El precio de una cacerolada
Y es que una pitada o una cacerolada no vale lo mismo en Madrid que en Cuenca. Esperanza Aguirre puede ser abucheada a su llegada al acto de entrega de diplomas de los nuevos agentes de Policía Local en la academia madrileña, y a la delegada del Gobierno, Cristina Cifuentes, no se le ocurre expedientar a los autores de esa protesta. Sin embargo, 165 kilómetros más al este, concretamente en la calle Calderón de la Barca de la ciudad de Cuenca, idéntico comportamiento es equiparable a la “kale borroca” protagonizada por los violentos grupos pro etarras vascos. ¿Por qué? Fácil: la presidenta de Castilla-La Mancha se llama María Dolores Cospedal y el delegado gubernamental no es otro que el “fiel” Labrador.

Atentado contra los derechos ciudadanos
El caso es que una decena de ciudadanos que reprochaban esta semana a Cospedal los salvajes recortes en sanidad son ahora “perseguidos” por la Delegación del Gobierno, que ha abierto una decena de expedientes sancionadores, en lo que los afectados interpretan como un acto de “agresión injustificada a los derechos básicos de los ciudadanos al pretender equiparar una pitada/cacerolada absolutamente pacífica con actos de violencia callejera como realización de barricadas, quema de contenedores o rotura de escaparates y sancionarlos por “originar desórdenes graves en las vías, espacios o establecimientos públicos o causar daños graves a los bienes de uso público”.

Boca sellada como protesta
Ante esta insólita situación, más propia de otros tiempos de triste recuerdo, miembros de la Plataforma en Defensa de la Sanidad Pública de Cuenca se personaron en la Subdelegación de Gobierno para presentar las alegaciones contra los expedientes sancionadores propuestos por el hombre de Jesús Labrador en la ciudad de las Casas Colgadas. Los ciudadanos, que acudieron con pegatinas que sellaban sus bocas, con el lema “los recortes en sanidad matan”, denunciaban también la campaña de acoso y derribo del delegado del Gobierno, “que pretende amedrentarnos para evitar la participación ciudadana en protestas pacíficas, y para ello han comenzado con estos injustificados expedientes sancionadores y seguirán con otros”, reconoce a ELPLURAL.COM un miembro de esta plataforma.
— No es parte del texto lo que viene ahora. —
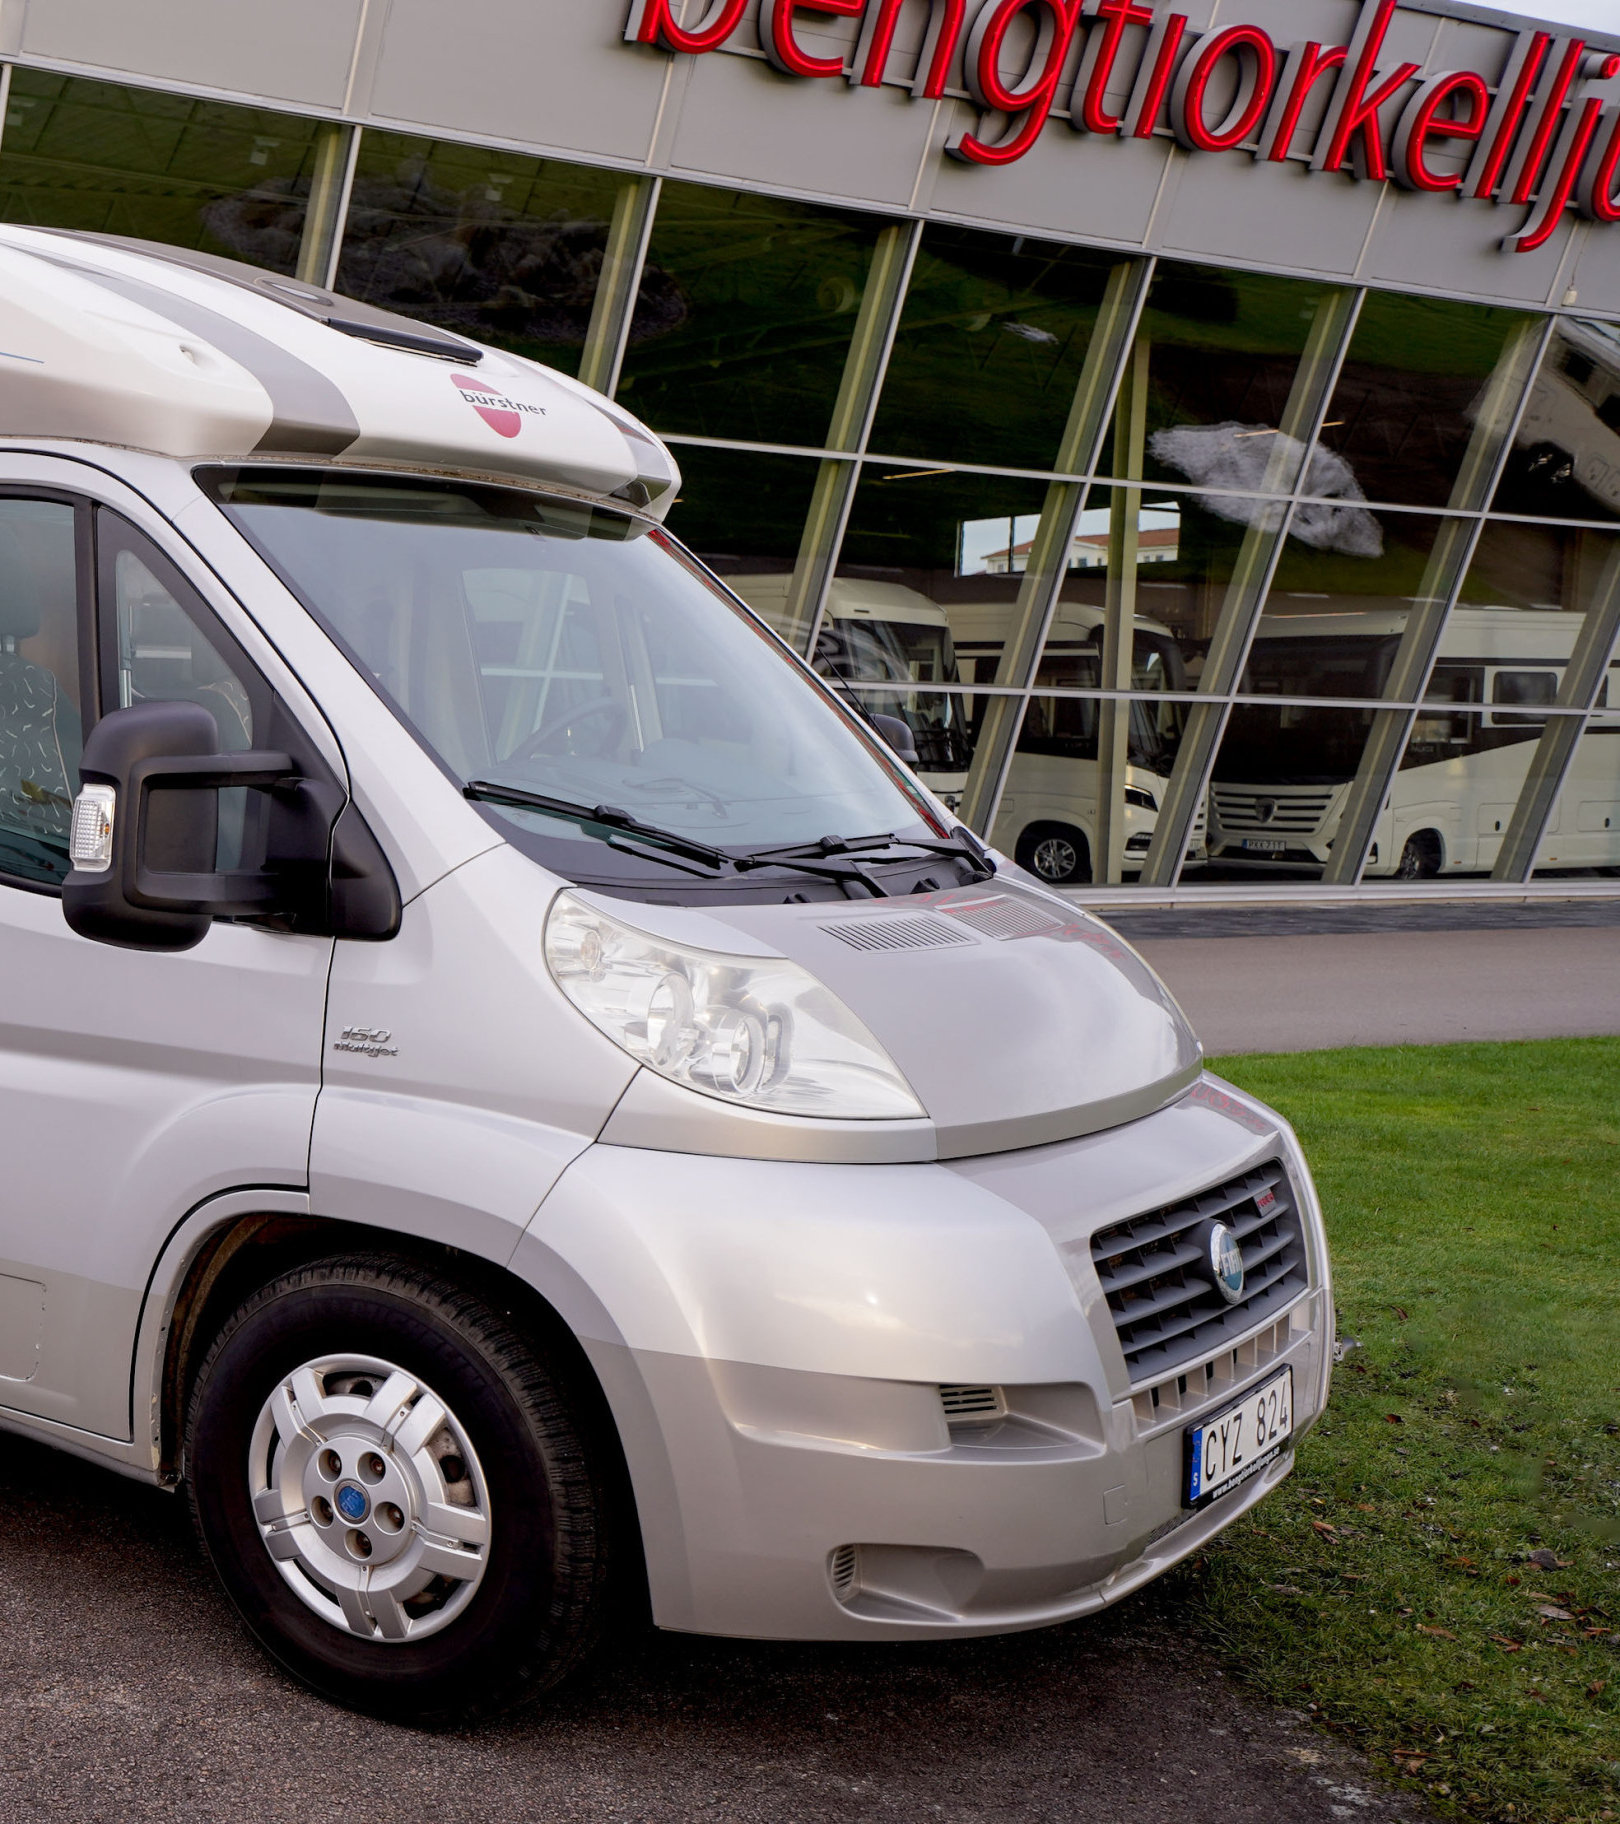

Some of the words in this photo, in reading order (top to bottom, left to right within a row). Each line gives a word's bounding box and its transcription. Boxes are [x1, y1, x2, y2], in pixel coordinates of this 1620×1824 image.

[459, 389, 547, 416] bürstner
[340, 1025, 392, 1043] 160
[1205, 1409, 1243, 1481] CYZ
[1256, 1380, 1288, 1447] 824
[1192, 1472, 1199, 1487] S
Campaña de autoinculpación
Sin embargo, lejos de achantarse, de renunciar a sus justas reivindicaciones, la plataforma lleva a cabo una campaña de autoinculpación de cara “a reforzar las pruebas testificales de las alegaciones que presentaremos para obligar al sobreseimiento y archivo del expediente sancionador”, solicitando a todos los que “estuvisteis esa tarde frente a la Cámara de Comercio, aunque fuese tan solo unos minutos, que os descarguéis, completéis y firméis la siguiente hoja de autoinculpación (ver documento)”, añaden.

Otros expedientados
Pero aquí no queda el exceso de celo de Jesús Labrador. No, el delegado del Gobierno también pretende “empapelar” a 14 ciudadanos que el pasado mes de junio recibió a María Dolores Cospedal con una pitada cuando la secretaria general del PP se dirigía a clausurar el congreso provincial conservador de su partido (ver video).

“No me gusta poner multas”
“Ni me gusta que me pongan multas, ni me gusta ponerlas”, reconoce a El Día el subdelegado del Gobierno en Cuenca, Ángel Mariscal, quien “prohibir, perseguir y amedrentar a los ciudadanos”, como denuncian desde la plataforma, no es otra cosa que aplicar la ley, “igual para todos y la Subdelegación de Gobierno está para garantizar el derecho de todos los ciudadanos”, añade en el mismo periódico, “no es prohibir las manifestaciones, tan sólo cumplir la ley”.